DNase I Footprinting and Gel Retardation Assays-- For the DNase I footprinting experiment in Fig. 4A, a 992-bp SCR1 fragment, 5'-end-labeled on the sense strand, was generated by PCR using 5'-labeled SCR1fw and unlabeled SCR1rev as primers and pBlueScript-SCR1 as a template. The fragments utilized for the footprinting experiments of Fig. 4B (256 bp) were 5'-end-labeled on the antisense strand by PCR using a 5'-labeled oligonucleotide primer hybridizing between positions +224 and +200 (5'-GCCGGGACACTTCAGAACGGAC), the 5'Delta -32 oligonucleotide as a forward primer, and the SCR1 5'Delta -32, Adown, and Bdown mutants as PCR templates. Radiolabeled fragments were purified by agarose gel electrophoresis followed by elution with the QIAquick Gel Extraction Kit (Qiagen); the specific radioactivity of purified fragments (250 ng each) was about 1500 cpm/fmol. DNase I digestion mixtures (20 µl) contained 16 fmol of the SCR1 fragment, 10 ng/µl pBlueScript-KS, 20 mM Hepes/KOH (pH 8.0), 170 mM KCl, 5% (v/v) glycerol, 0.1 mg/ml ultrapure bovine serum albumin (Ambion), 0.5 mM dithiothreitol, and 50-100 ng of affinity-purified TFIIIC (24). Briefly, TFIIIC-DNA complexes, formed upon incubation for 15 min at 20 °C, were treated for exactly 1 min with 0.35 ng of pancreatic deoxyribonuclease I (Amersham Biosciences; E2215Y type), followed by the addition of 22 µl of blocking solution (20 mM EDTA, 1% (w/v) SDS, 0.2 M NaCl). Footprinting mixtures were phenol-extracted, ethanol-precipitated in the presence of 30 µg of carrier RNA (Sigma; R 6625 type), and fractionated on 6% polyacrylamide, 7 M urea sequencing gels, which were then dried and phosphorimaged with a Personal Imager FX (Bio-Rad). DNA fragments for gel retardation assays were radiolabeled by PCR, using 5'-labeled amplification primers as described above for the preparation of DNA fragments for footprinting analysis. DNA binding reactions were conducted in a final volume of 15 µl and contained 25 mM Tris-HCl (pH 8.0), 10% glycerol, 90 mM (NH4)2SO4, 1 mg/ml ultrapure bovine serum albumin, 15 µg/ml supercoiled plasmid DNA (pBlueScript-KS), 4 fmol of radiolabeled DNA fragment (~8,000 cpm), and varying amounts of TFIIIC purified up to the DEAE-Sephadex A-25 step (24). Native gel electrophoresis and subsequent analysis were carried out as described (25).

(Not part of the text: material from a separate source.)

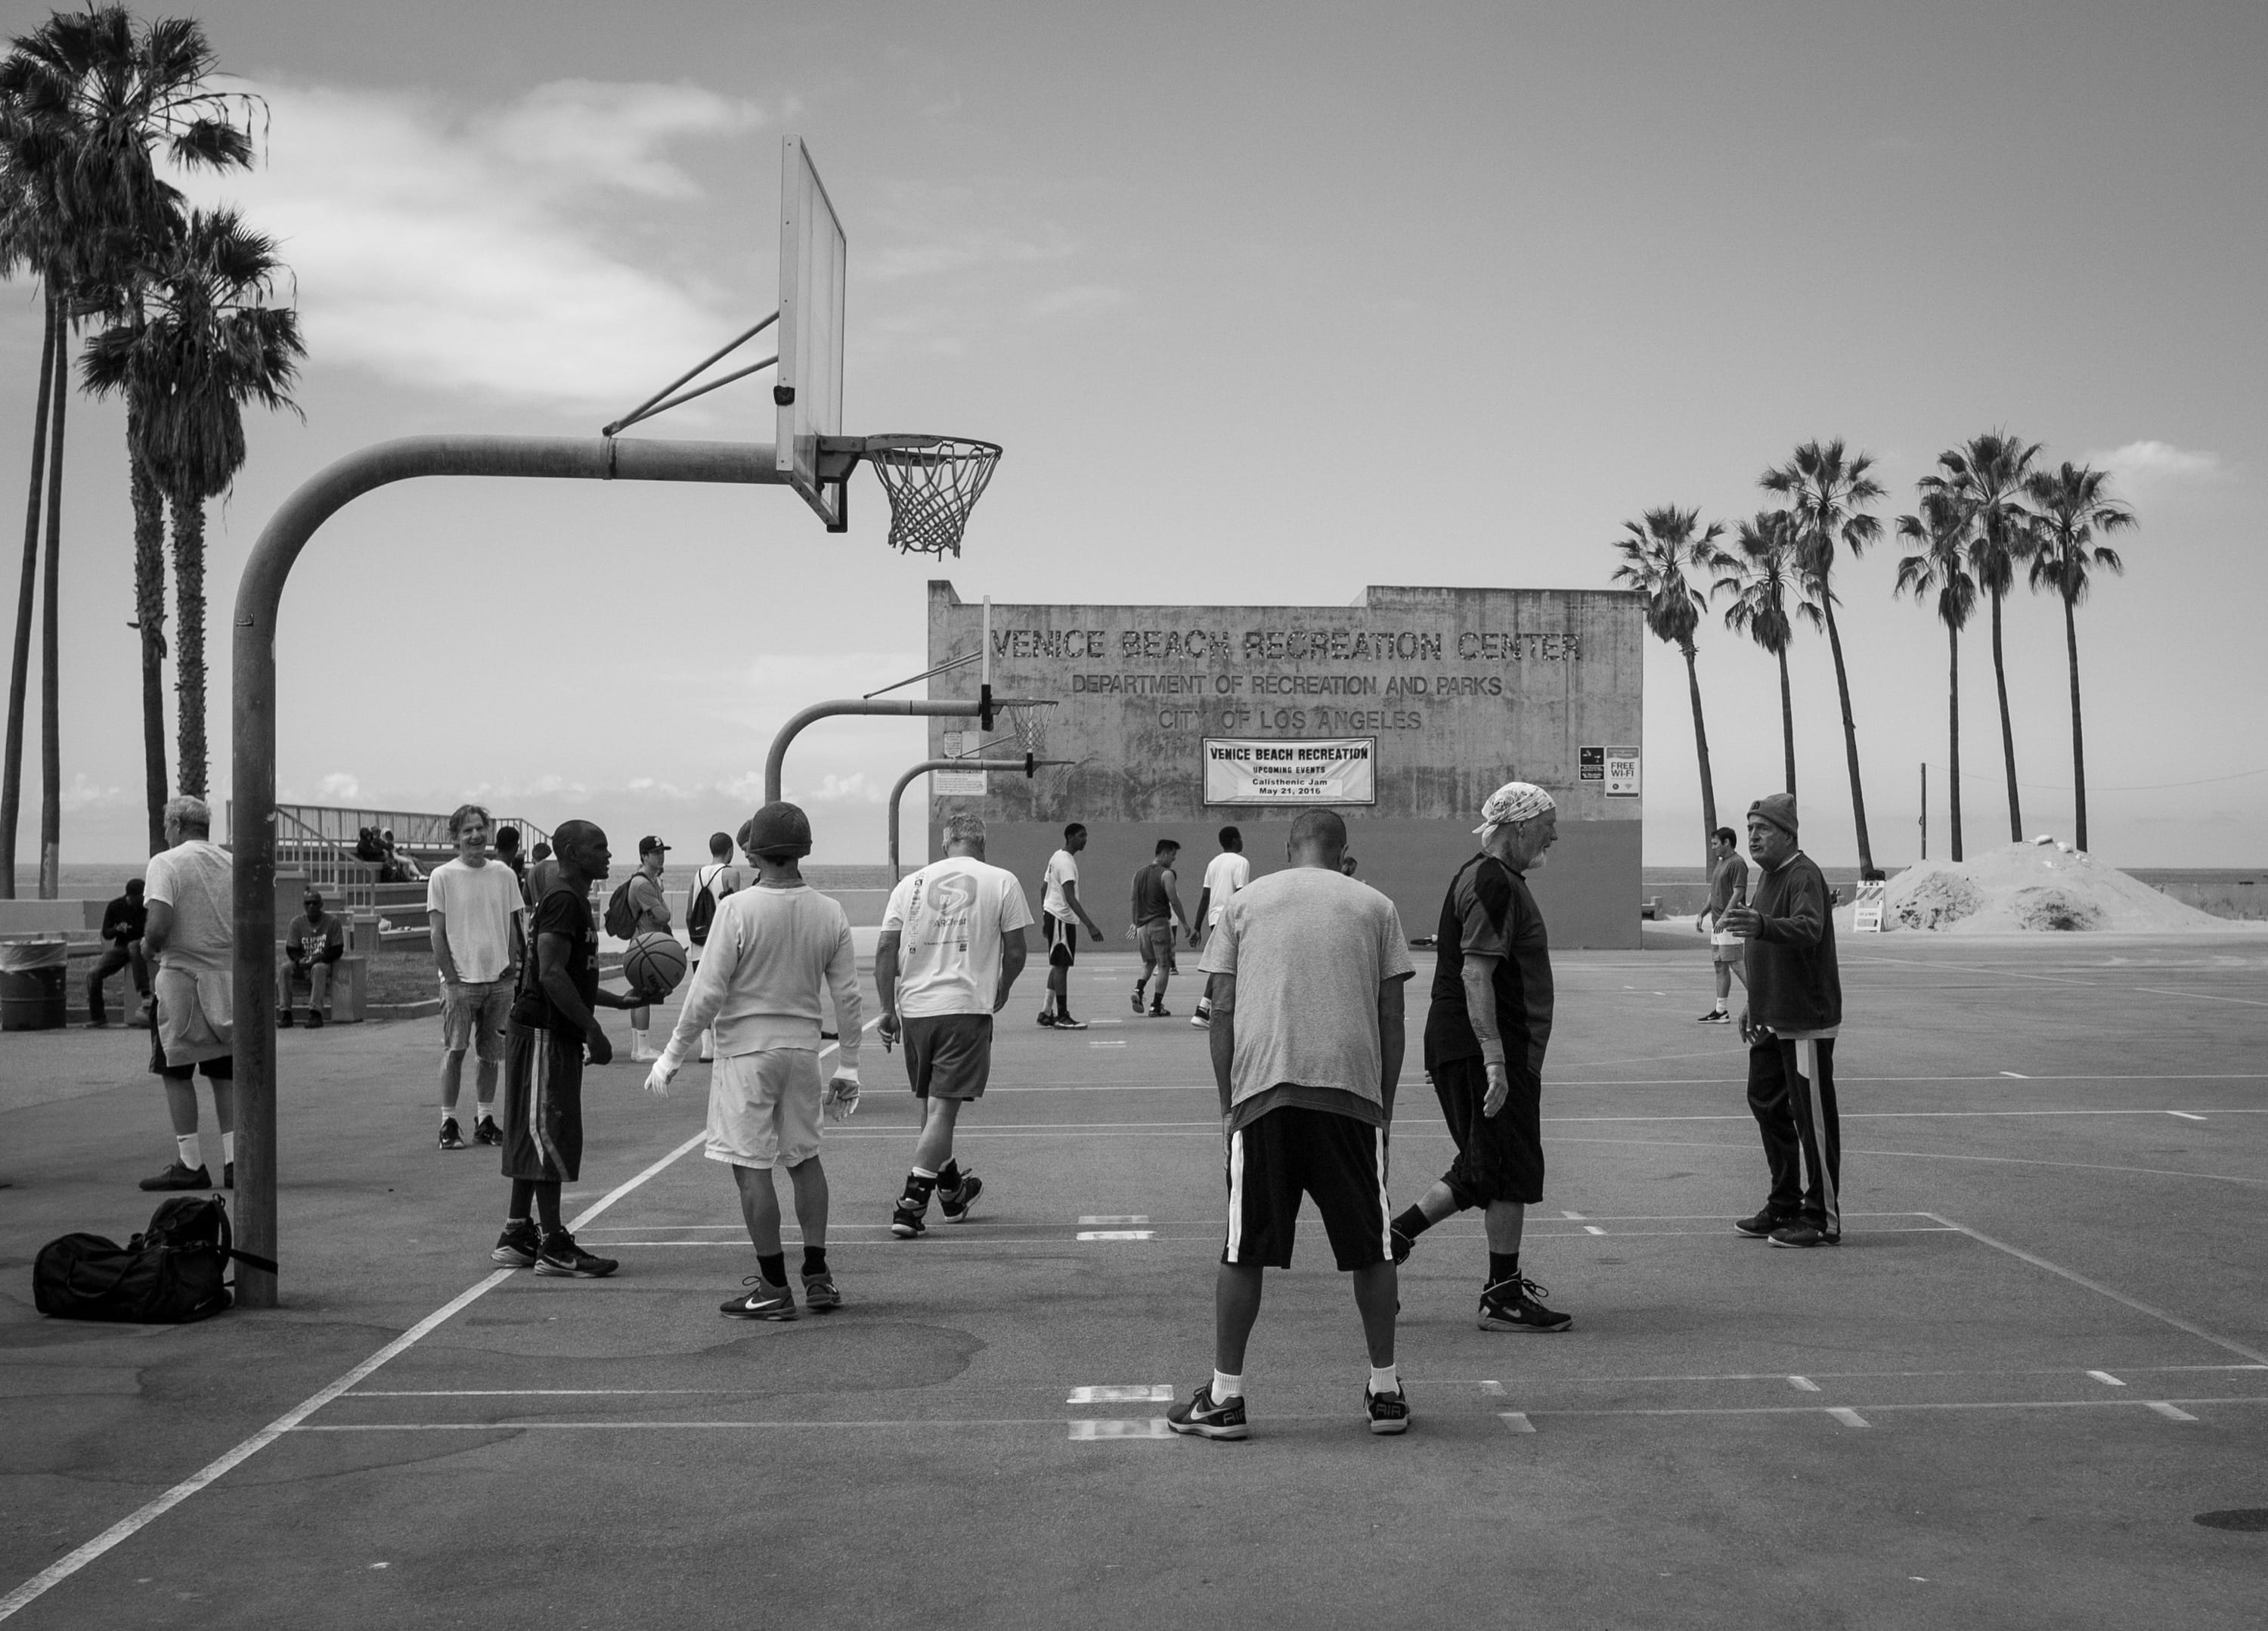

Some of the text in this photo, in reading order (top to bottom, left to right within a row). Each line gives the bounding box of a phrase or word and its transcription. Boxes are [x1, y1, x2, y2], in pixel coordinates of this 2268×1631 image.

In Vivo RNA Analyses-- The yeast strain YRA130 (a kind gift of Peter Walter, University of California, San Francisco), in which the entire SCR1 gene, except for the first 14 nucleotides, has been deleted and replaced with the HIS3 gene (19), was utilized for in vivo complementation and expression assays. This strain was transformed with the different YEp352-SCR1 constructs by the lithium acetate procedure (26), and the resulting transformants were selected for uracil auxotrophy on SD plates supplemented with tryptophan, lysine, and adenine. Total RNA was prepared according to a previously described procedure (27). Primer extension reactions were carried out as described (6), using 5 µg of total yeast RNA and a 5'-labeled oligonucleotide primer (5'-CCCTTGCCAAAGGGCGTGCAATCCG) complementary to the coding region of SCR1 between positions +90 and +115. Complementation of the YRA130 slow growth phenotype (19) was qualitatively evaluated by visual inspection of selective (SD) or nonselective (YPD) plates, on which cultures of freshly transformed clones were spotted.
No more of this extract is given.